RECORDS FOR THIS TASK START

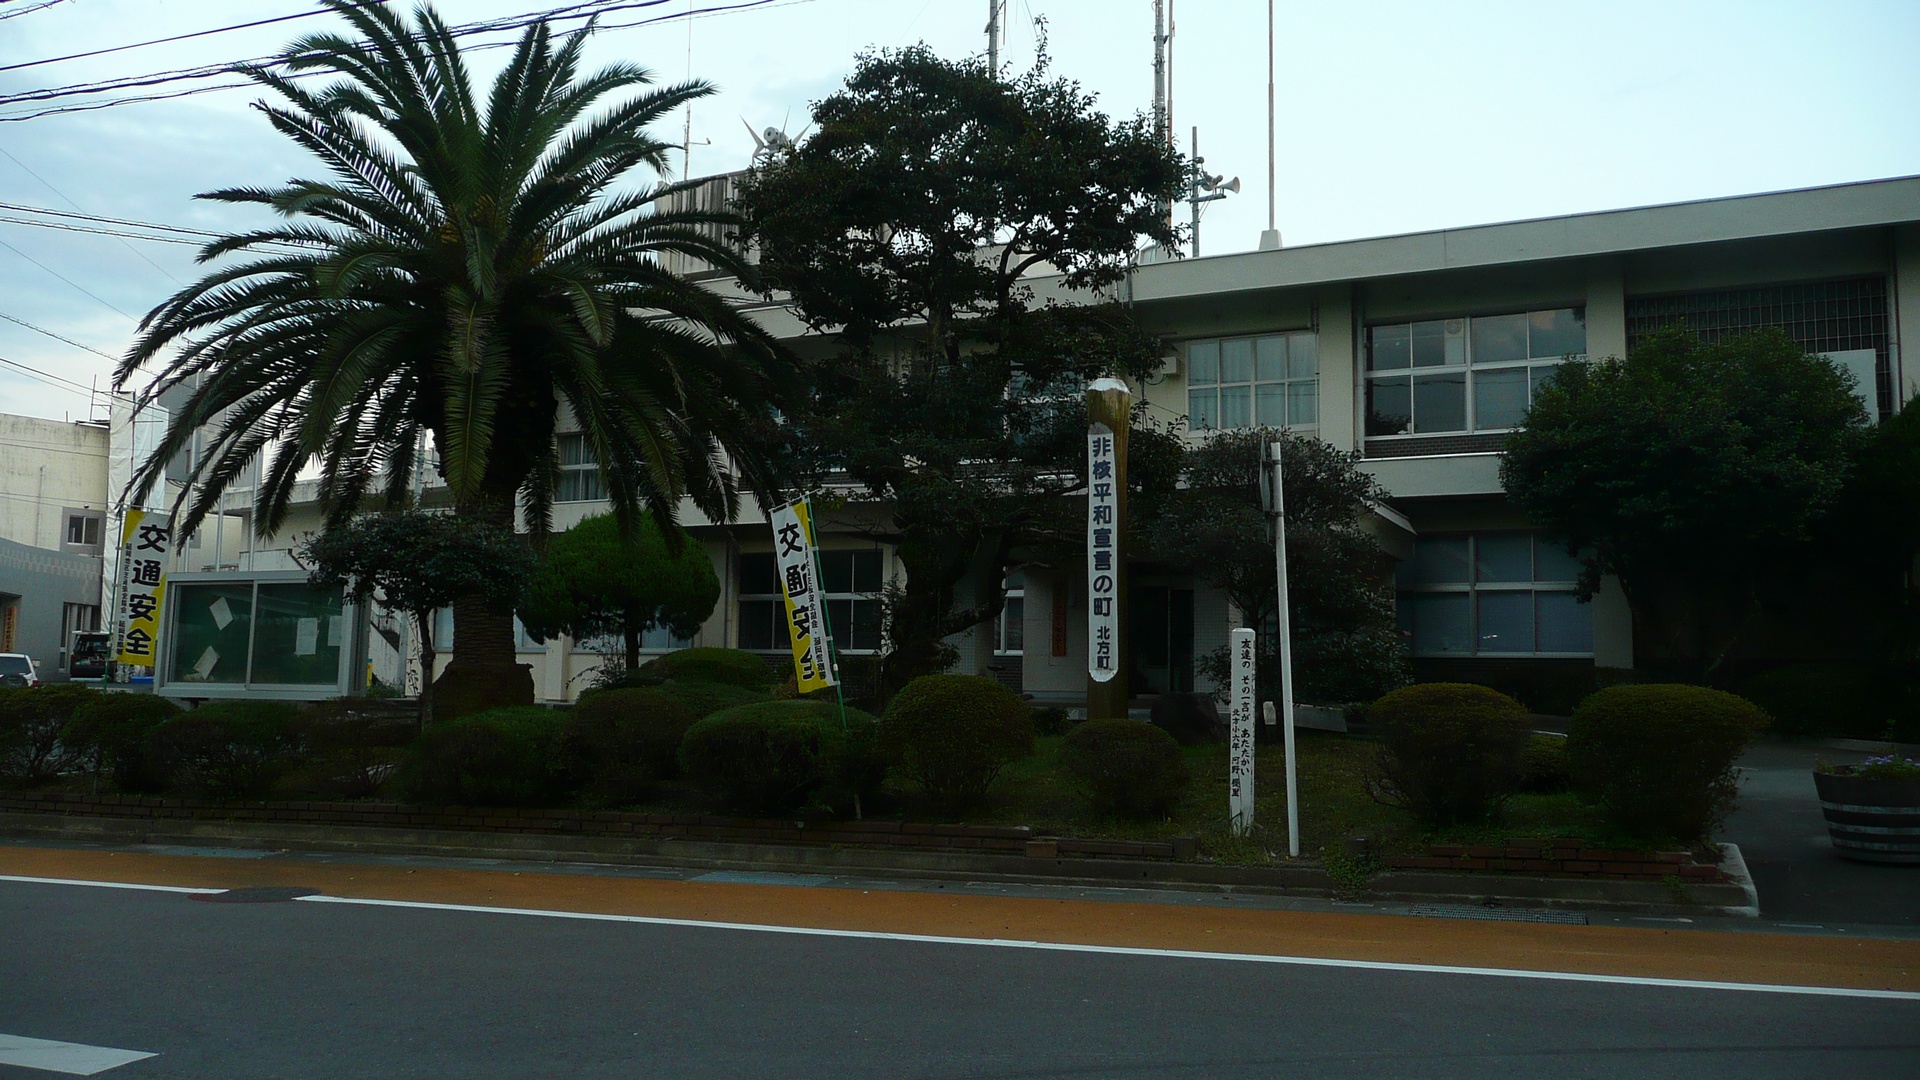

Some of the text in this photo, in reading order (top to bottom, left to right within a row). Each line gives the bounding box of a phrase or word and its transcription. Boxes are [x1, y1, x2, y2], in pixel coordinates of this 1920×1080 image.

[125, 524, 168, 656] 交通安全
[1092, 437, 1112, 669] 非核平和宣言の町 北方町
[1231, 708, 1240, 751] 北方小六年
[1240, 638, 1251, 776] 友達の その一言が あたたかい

RECORDS FOR THIS TASK END

◆ WHAT NEEDS TO BE DONE:
Copy the listing over exactly, skipping the pictures it holds.

◆ FINAL ANSWER:
Some of the text in this photo, in reading order (top to bottom, left to right within a row). Each line gives the bounding box of a phrase or word and its transcription. Boxes are [x1, y1, x2, y2], in pixel coordinates of this 1920×1080 image.

[125, 524, 168, 656] 交通安全
[1092, 437, 1112, 669] 非核平和宣言の町 北方町
[1231, 708, 1240, 751] 北方小六年
[1240, 638, 1251, 776] 友達の その一言が あたたかい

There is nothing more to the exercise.